■ TASK BRIEF
Set the data below down again, exactly, with every picture left out.

[[ THE DATA open ]]

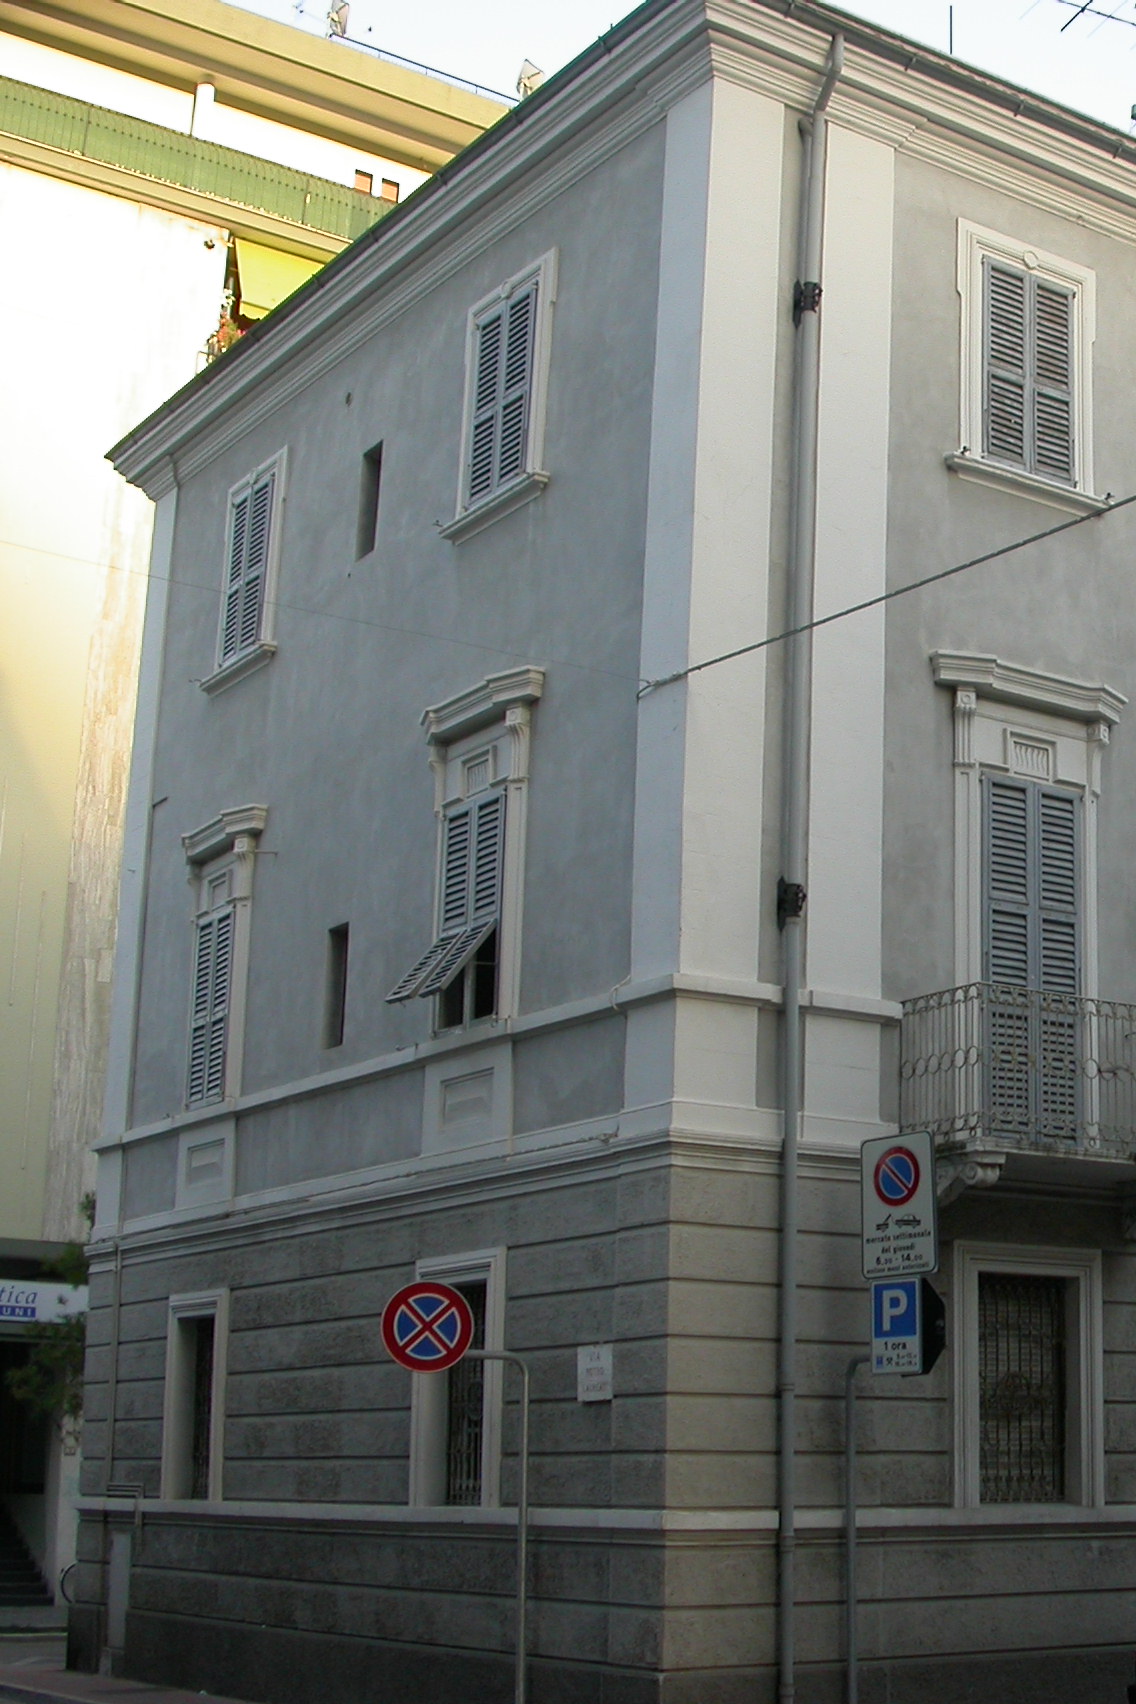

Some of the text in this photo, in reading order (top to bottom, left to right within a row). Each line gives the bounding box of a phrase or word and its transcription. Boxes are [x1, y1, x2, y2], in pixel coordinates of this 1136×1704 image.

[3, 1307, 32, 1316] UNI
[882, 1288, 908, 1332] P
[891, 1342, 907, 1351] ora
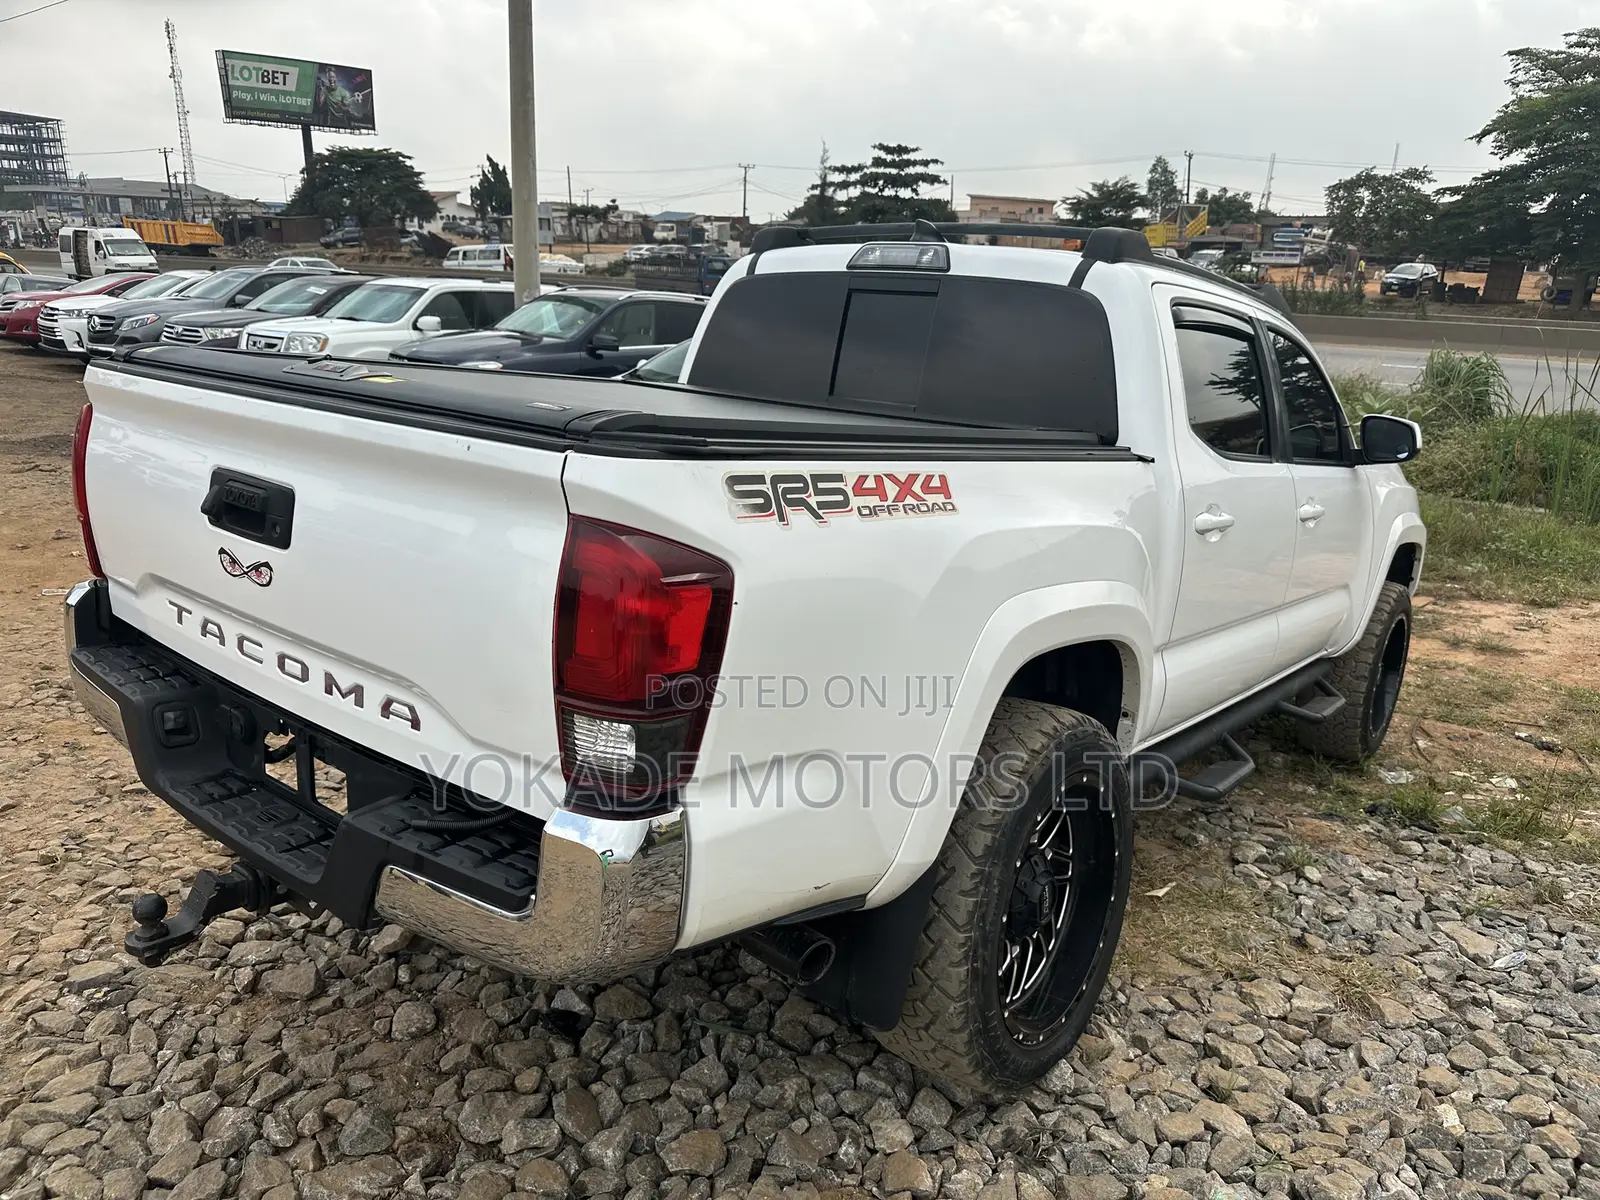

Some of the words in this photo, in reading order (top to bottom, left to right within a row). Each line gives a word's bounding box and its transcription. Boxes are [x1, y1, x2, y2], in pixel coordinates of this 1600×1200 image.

[[ THE DATA closed ]]

■ SOLUTION TO THIS PROBLEM
Some of the text in this photo, in reading order (top to bottom, left to right within a row). Each line gives the bounding box of a phrase or word and its transcription. Boxes are [x1, y1, x2, y2], in pixel coordinates of this 1136×1704 image.

[3, 1307, 32, 1316] UNI
[882, 1288, 908, 1332] P
[891, 1342, 907, 1351] ora

Some of the words in this photo, in reading order (top to bottom, left to right within a row). Each line gives a word's bounding box and its transcription. Boxes are [x1, y1, x2, y2], in pixel coordinates of this 1600×1200 image.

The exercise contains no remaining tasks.